** SUPPLIED MATERIAL **
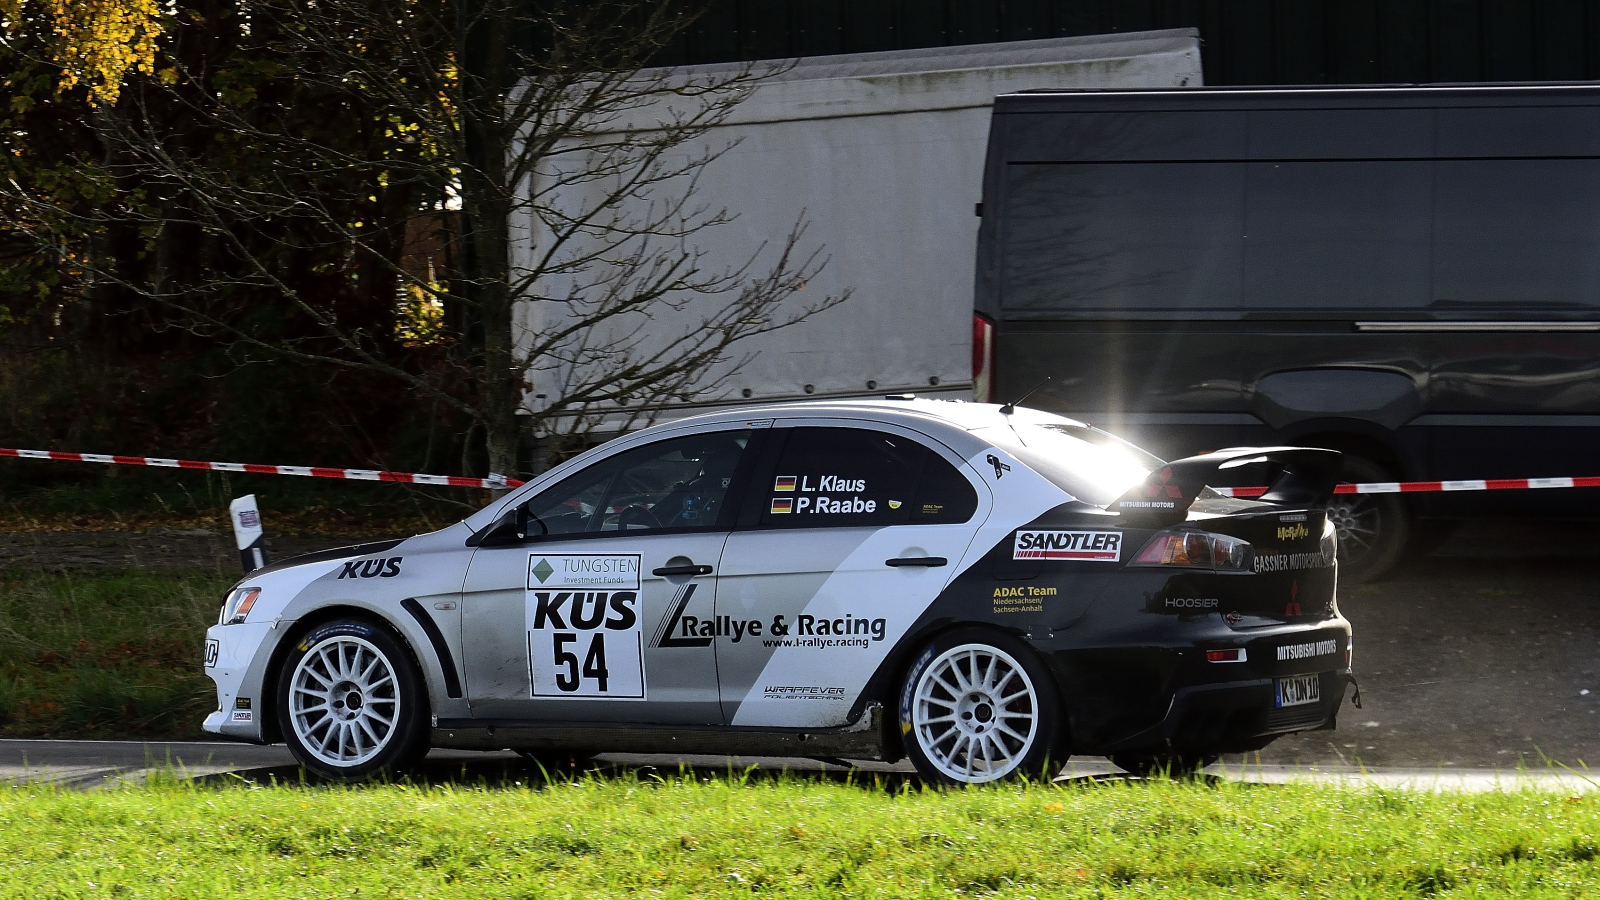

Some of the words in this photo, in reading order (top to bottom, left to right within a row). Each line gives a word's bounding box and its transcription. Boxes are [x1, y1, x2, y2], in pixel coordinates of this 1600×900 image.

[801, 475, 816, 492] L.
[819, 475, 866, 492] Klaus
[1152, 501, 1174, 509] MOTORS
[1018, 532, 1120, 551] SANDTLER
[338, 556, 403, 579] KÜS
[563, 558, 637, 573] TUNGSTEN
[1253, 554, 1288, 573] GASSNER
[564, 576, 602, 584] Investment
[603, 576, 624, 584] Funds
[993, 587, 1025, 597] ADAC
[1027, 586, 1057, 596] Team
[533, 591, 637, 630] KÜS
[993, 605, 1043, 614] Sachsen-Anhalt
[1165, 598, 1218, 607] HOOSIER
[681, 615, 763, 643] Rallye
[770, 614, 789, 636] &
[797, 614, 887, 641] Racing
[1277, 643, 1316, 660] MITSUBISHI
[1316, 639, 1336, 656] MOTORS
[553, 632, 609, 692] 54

** PROBLEM DESCRIPTION **
Put each line of the listing above into the copy exactly, dropping the pictures.

** TASK ANSWER **
Some of the words in this photo, in reading order (top to bottom, left to right within a row). Each line gives a word's bounding box and its transcription. Boxes are [x1, y1, x2, y2], in pixel coordinates of this 1600×900 image.

[801, 475, 816, 492] L.
[819, 475, 866, 492] Klaus
[1152, 501, 1174, 509] MOTORS
[1018, 532, 1120, 551] SANDTLER
[338, 556, 403, 579] KÜS
[563, 558, 637, 573] TUNGSTEN
[1253, 554, 1288, 573] GASSNER
[564, 576, 602, 584] Investment
[603, 576, 624, 584] Funds
[993, 587, 1025, 597] ADAC
[1027, 586, 1057, 596] Team
[533, 591, 637, 630] KÜS
[993, 605, 1043, 614] Sachsen-Anhalt
[1165, 598, 1218, 607] HOOSIER
[681, 615, 763, 643] Rallye
[770, 614, 789, 636] &
[797, 614, 887, 641] Racing
[1277, 643, 1316, 660] MITSUBISHI
[1316, 639, 1336, 656] MOTORS
[553, 632, 609, 692] 54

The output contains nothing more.